During the Long March Commercial Launch Users Conference, Tang Yagang introduced that sea launches mainly aim at missions with the launch angle of 0 to 10 degrees, which significantly hampers carrying capacity if the missions are performed in the four major existing launch sites.
It is known that launch angle refers to the included angle between the launch direction of the satellite and the equator. The minimum orbital inclination that the satellite can achieve is the latitude of the local launch site. At present, among the four major existing launch sites, Wenchang Space Launch Site is with the lowest latitude of about 19 degrees north latitude.
"The lower the latitude of the launch site, the closer it is to the equator, and the less carrying capacity it will lose," Tang said, "that's why we are planning sea launch services to enable flexible location of launch and effectively lower the cost of launch."

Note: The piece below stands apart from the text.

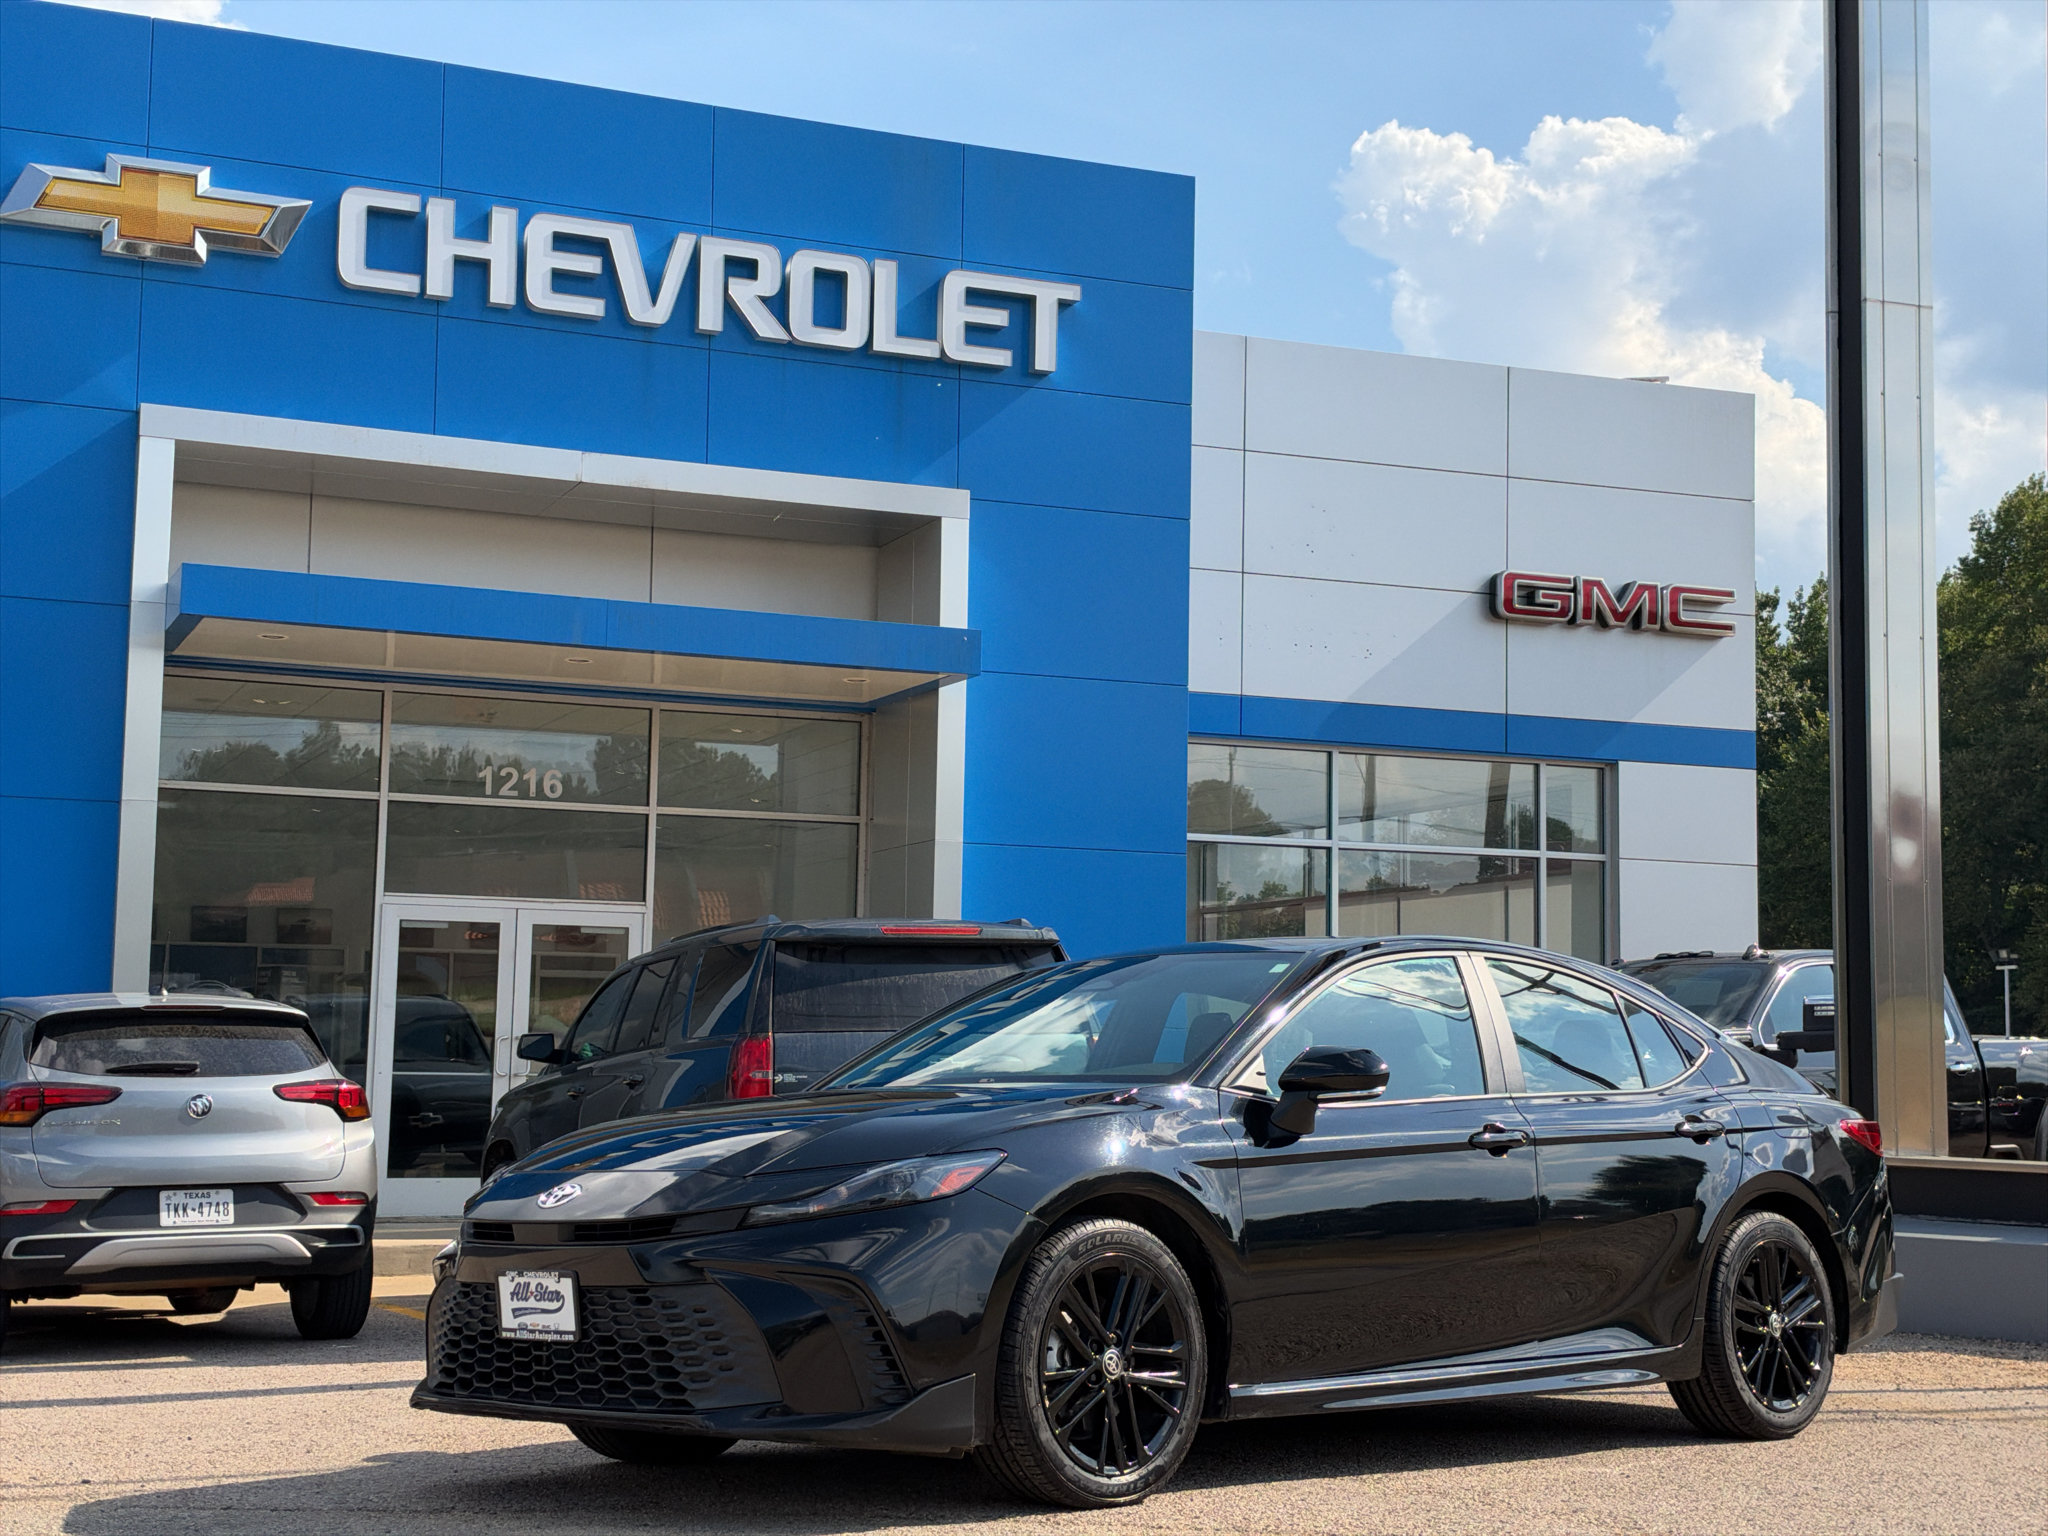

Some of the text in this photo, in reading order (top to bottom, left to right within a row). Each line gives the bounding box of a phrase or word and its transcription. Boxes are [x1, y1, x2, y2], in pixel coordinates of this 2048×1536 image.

[337, 186, 1082, 374] CHEVROLET
[1490, 570, 1736, 637] GMC
[478, 766, 563, 799] 1216

Tang Yagang also introduced that to meet the needs of different domestic commercial space users, the 1st Institute initiated multiple solutions including "sharing ride" "tailored taxi service" and "regular bus". He said that commercial launches in the past were mainly to carry conducted in the form of "sharing ride", but the satellite aboard the mission is constrained by the primary satellite. To this end, the 1st Institute will use low-cost rockets as a "tailored taxi" to enable a dedicated launch plan which meet the need for track and launch verification. In addition, it plans "collective" launches for small and micro-satellite developed by universities as if they took a "regular bus" as long as the time and track for the rocket launch suit the satellites.